### Data records
#####
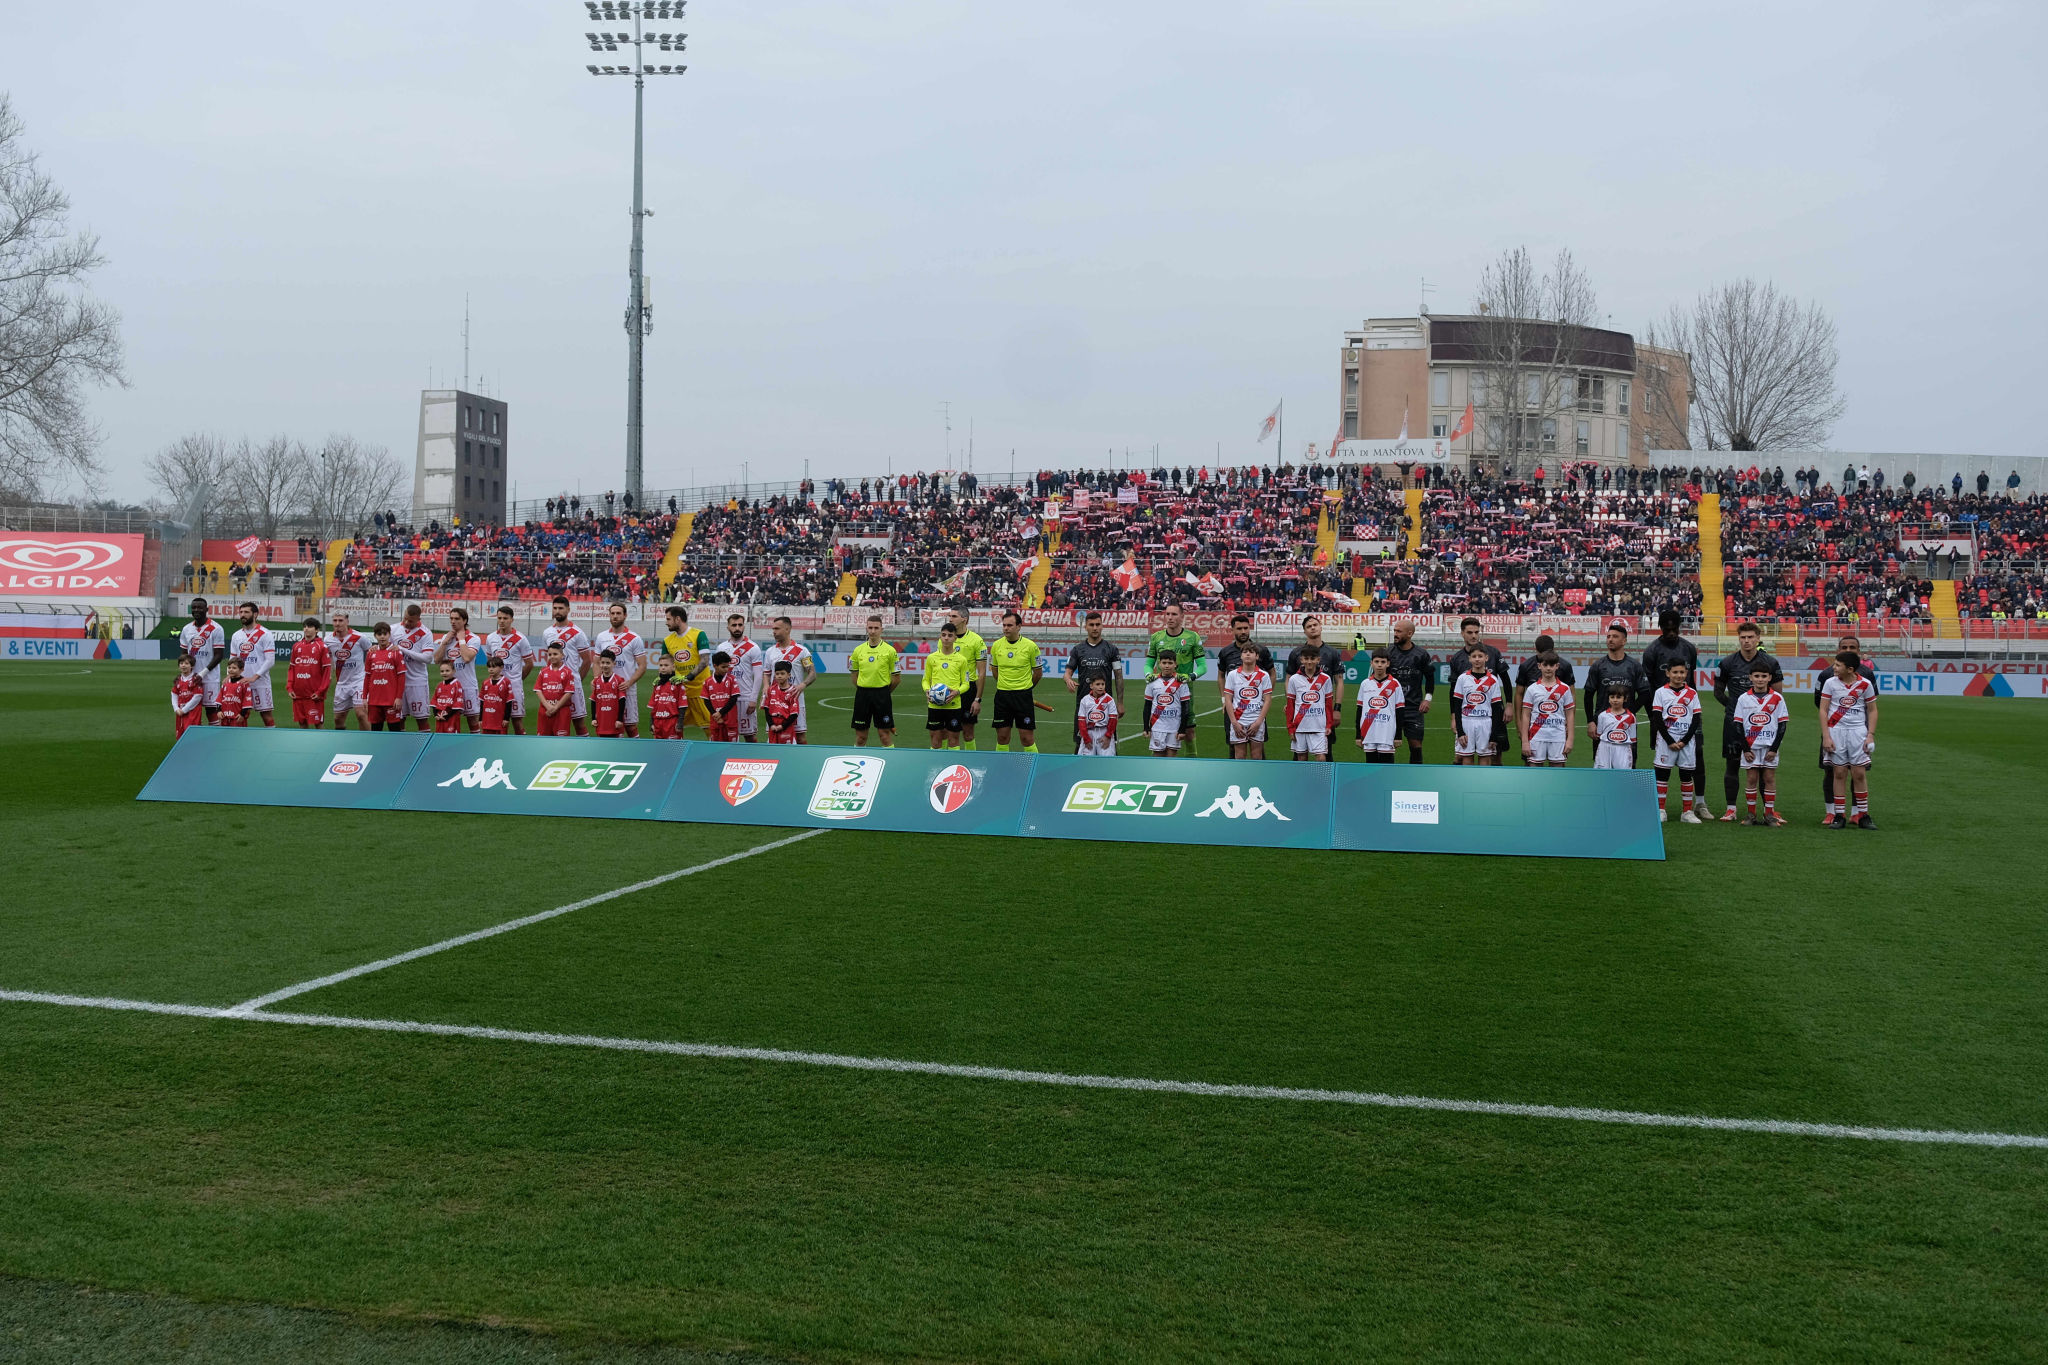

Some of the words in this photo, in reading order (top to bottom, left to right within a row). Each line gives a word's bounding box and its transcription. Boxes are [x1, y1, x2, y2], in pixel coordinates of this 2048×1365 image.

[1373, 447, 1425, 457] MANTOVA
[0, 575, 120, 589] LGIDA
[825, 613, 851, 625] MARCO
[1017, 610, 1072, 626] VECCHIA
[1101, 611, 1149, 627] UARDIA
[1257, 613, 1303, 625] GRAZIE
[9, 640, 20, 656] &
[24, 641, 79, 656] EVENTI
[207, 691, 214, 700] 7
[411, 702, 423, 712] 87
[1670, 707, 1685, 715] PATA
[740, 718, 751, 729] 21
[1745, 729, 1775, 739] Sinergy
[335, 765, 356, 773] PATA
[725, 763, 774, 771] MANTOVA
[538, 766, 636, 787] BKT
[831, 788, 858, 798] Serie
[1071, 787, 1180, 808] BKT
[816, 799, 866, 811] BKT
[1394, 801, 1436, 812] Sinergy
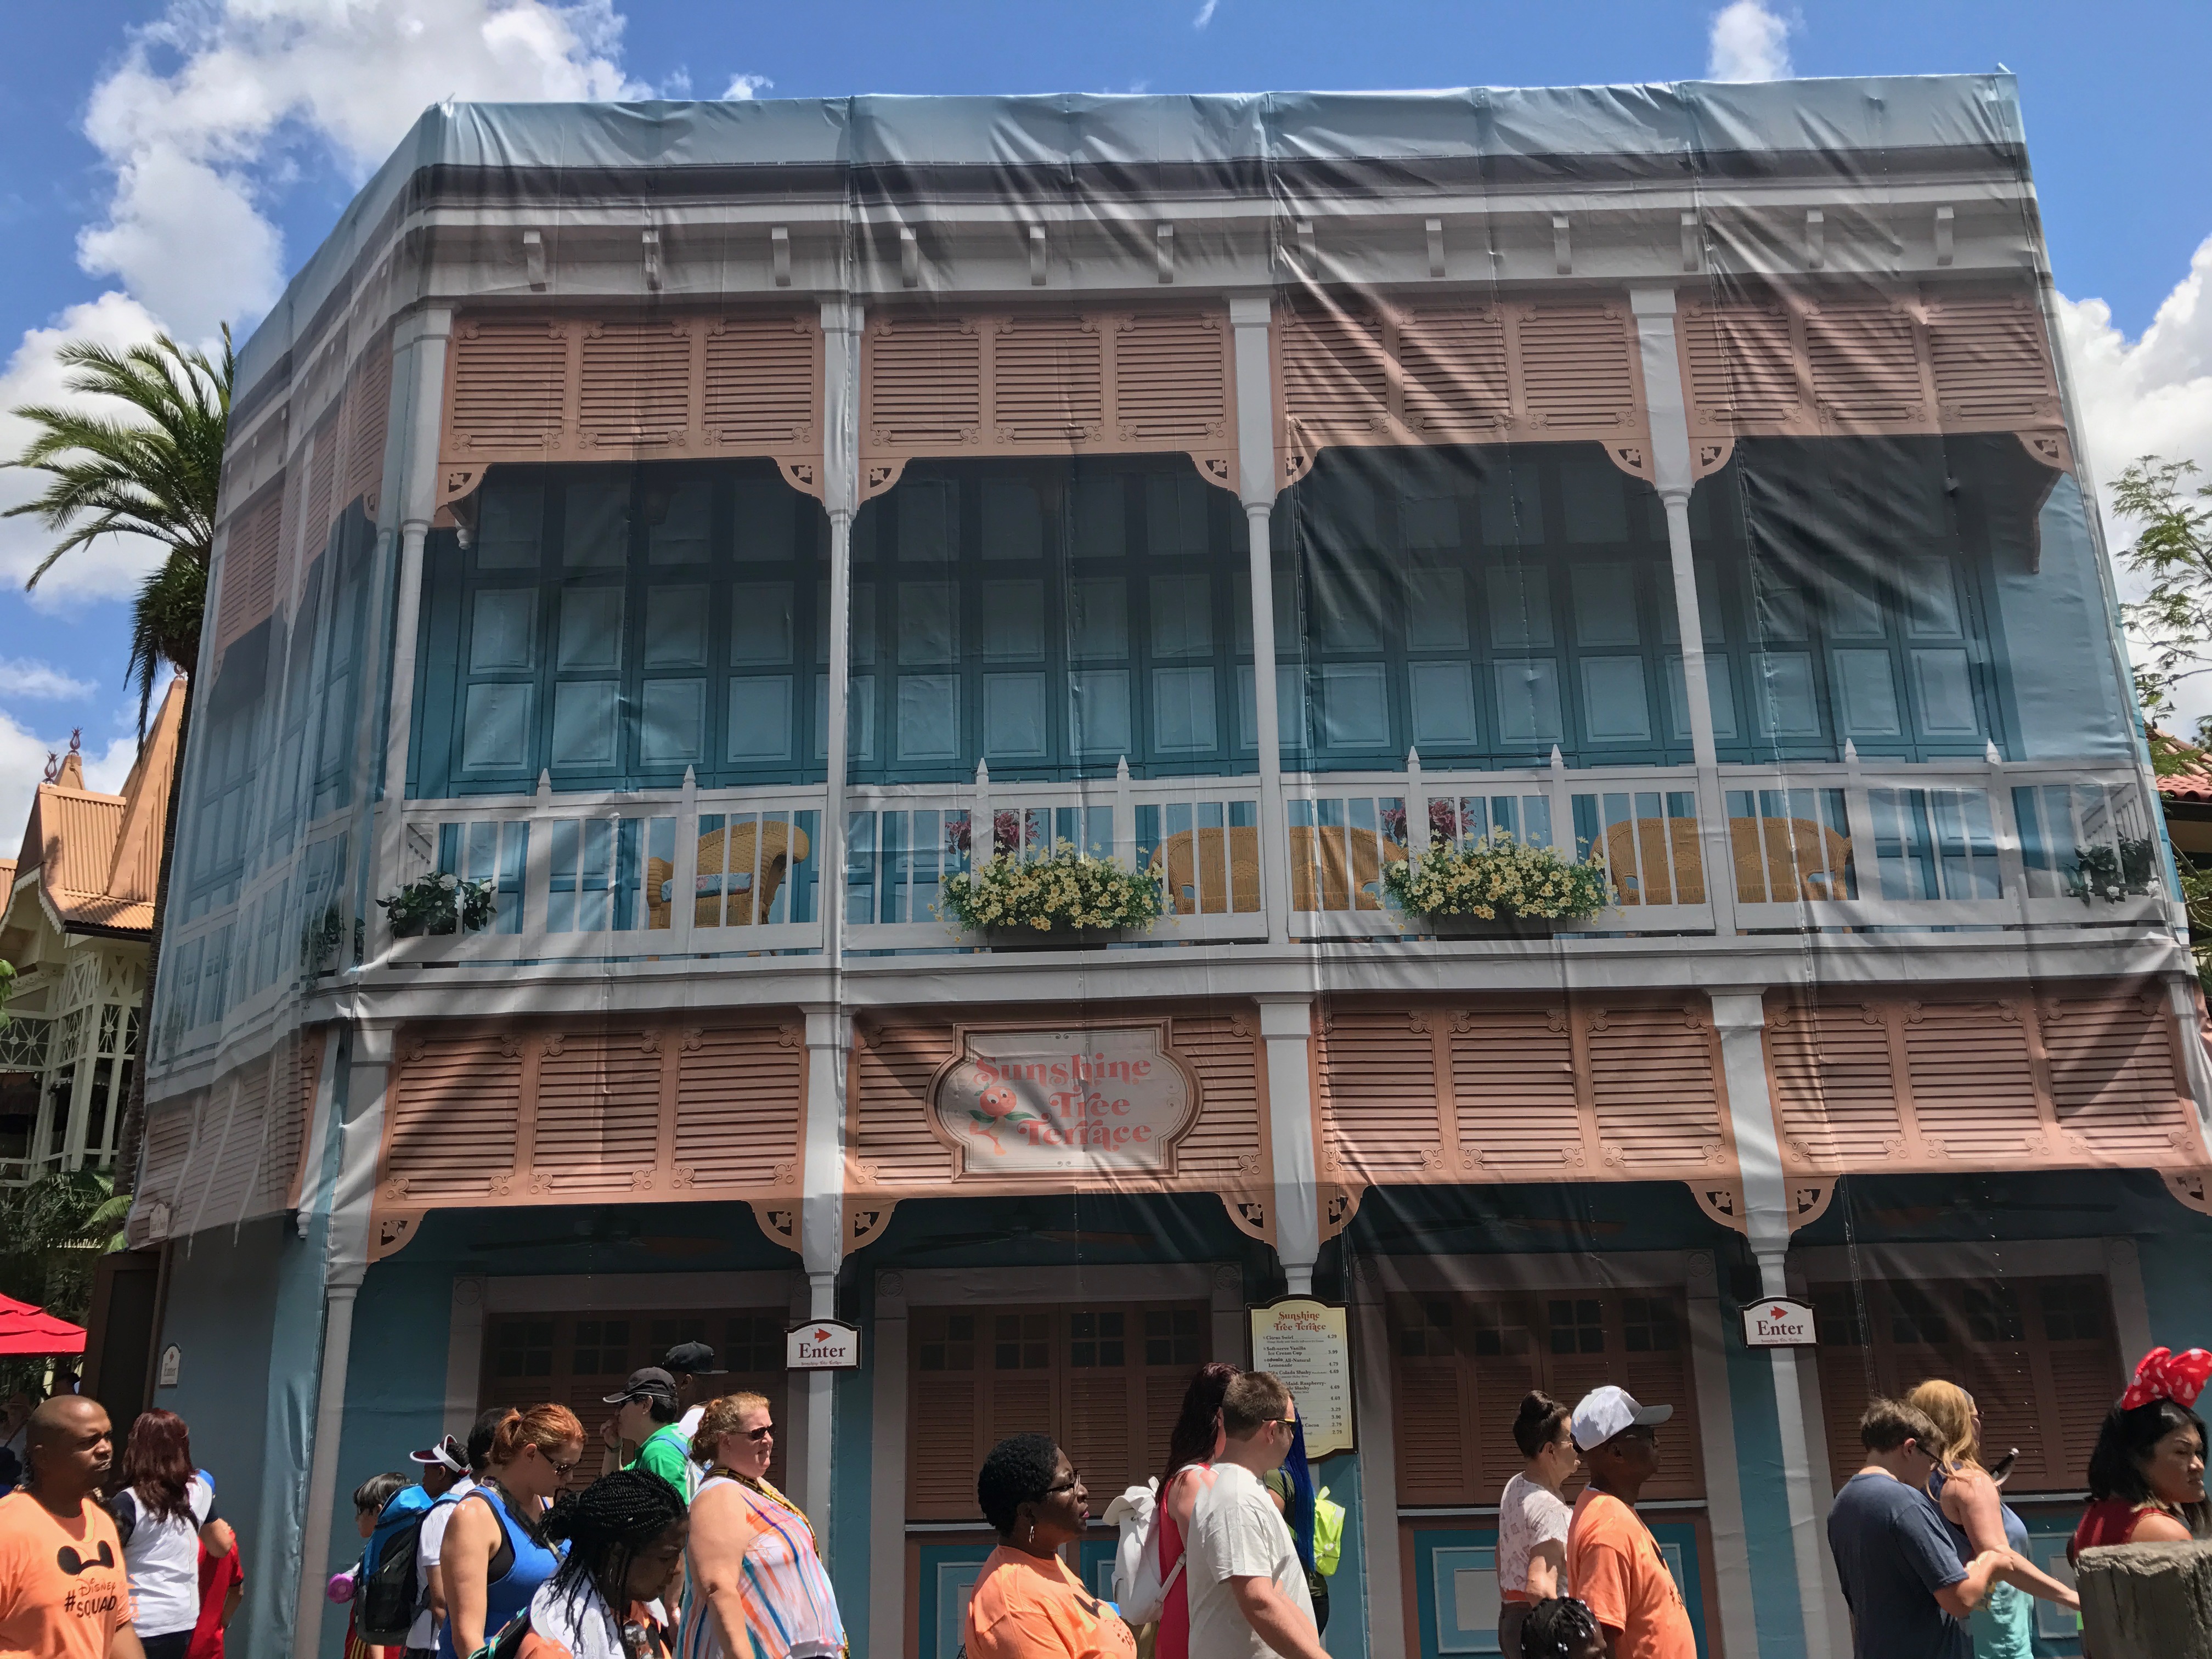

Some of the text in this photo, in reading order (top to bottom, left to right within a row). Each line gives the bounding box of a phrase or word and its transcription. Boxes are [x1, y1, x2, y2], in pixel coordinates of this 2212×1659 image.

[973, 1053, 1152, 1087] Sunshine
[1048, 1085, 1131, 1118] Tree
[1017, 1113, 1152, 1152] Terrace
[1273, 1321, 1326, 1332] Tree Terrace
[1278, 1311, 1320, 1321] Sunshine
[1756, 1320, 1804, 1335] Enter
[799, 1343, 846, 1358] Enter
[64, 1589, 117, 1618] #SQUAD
#####
### Your assignment
Please restate the whole listing exactly, without any of its pictures.

### Output
Some of the words in this photo, in reading order (top to bottom, left to right within a row). Each line gives a word's bounding box and its transcription. Boxes are [x1, y1, x2, y2], in pixel coordinates of this 2048×1365 image.

[1373, 447, 1425, 457] MANTOVA
[0, 575, 120, 589] LGIDA
[825, 613, 851, 625] MARCO
[1017, 610, 1072, 626] VECCHIA
[1101, 611, 1149, 627] UARDIA
[1257, 613, 1303, 625] GRAZIE
[9, 640, 20, 656] &
[24, 641, 79, 656] EVENTI
[207, 691, 214, 700] 7
[411, 702, 423, 712] 87
[1670, 707, 1685, 715] PATA
[740, 718, 751, 729] 21
[1745, 729, 1775, 739] Sinergy
[335, 765, 356, 773] PATA
[725, 763, 774, 771] MANTOVA
[538, 766, 636, 787] BKT
[831, 788, 858, 798] Serie
[1071, 787, 1180, 808] BKT
[816, 799, 866, 811] BKT
[1394, 801, 1436, 812] Sinergy

Some of the text in this photo, in reading order (top to bottom, left to right within a row). Each line gives the bounding box of a phrase or word and its transcription. Boxes are [x1, y1, x2, y2], in pixel coordinates of this 2212×1659 image.

[973, 1053, 1152, 1087] Sunshine
[1048, 1085, 1131, 1118] Tree
[1017, 1113, 1152, 1152] Terrace
[1273, 1321, 1326, 1332] Tree Terrace
[1278, 1311, 1320, 1321] Sunshine
[1756, 1320, 1804, 1335] Enter
[799, 1343, 846, 1358] Enter
[64, 1589, 117, 1618] #SQUAD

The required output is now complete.